**Work order**
Exact reproduction required: print each line of the material below.

▼

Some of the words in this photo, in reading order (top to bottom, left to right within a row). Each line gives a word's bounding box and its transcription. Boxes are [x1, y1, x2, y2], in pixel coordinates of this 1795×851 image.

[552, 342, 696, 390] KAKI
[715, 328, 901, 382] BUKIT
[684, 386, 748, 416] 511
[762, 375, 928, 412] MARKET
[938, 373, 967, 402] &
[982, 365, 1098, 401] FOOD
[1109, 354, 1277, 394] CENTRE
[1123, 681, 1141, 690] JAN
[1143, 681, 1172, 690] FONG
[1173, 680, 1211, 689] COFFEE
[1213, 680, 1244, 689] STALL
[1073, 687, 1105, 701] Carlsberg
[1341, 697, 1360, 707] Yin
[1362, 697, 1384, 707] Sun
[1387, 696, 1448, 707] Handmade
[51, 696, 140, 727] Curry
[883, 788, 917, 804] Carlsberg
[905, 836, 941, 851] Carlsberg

▲

**Answer for this exercise**
Some of the words in this photo, in reading order (top to bottom, left to right within a row). Each line gives a word's bounding box and its transcription. Boxes are [x1, y1, x2, y2], in pixel coordinates of this 1795×851 image.

[552, 342, 696, 390] KAKI
[715, 328, 901, 382] BUKIT
[684, 386, 748, 416] 511
[762, 375, 928, 412] MARKET
[938, 373, 967, 402] &
[982, 365, 1098, 401] FOOD
[1109, 354, 1277, 394] CENTRE
[1123, 681, 1141, 690] JAN
[1143, 681, 1172, 690] FONG
[1173, 680, 1211, 689] COFFEE
[1213, 680, 1244, 689] STALL
[1073, 687, 1105, 701] Carlsberg
[1341, 697, 1360, 707] Yin
[1362, 697, 1384, 707] Sun
[1387, 696, 1448, 707] Handmade
[51, 696, 140, 727] Curry
[883, 788, 917, 804] Carlsberg
[905, 836, 941, 851] Carlsberg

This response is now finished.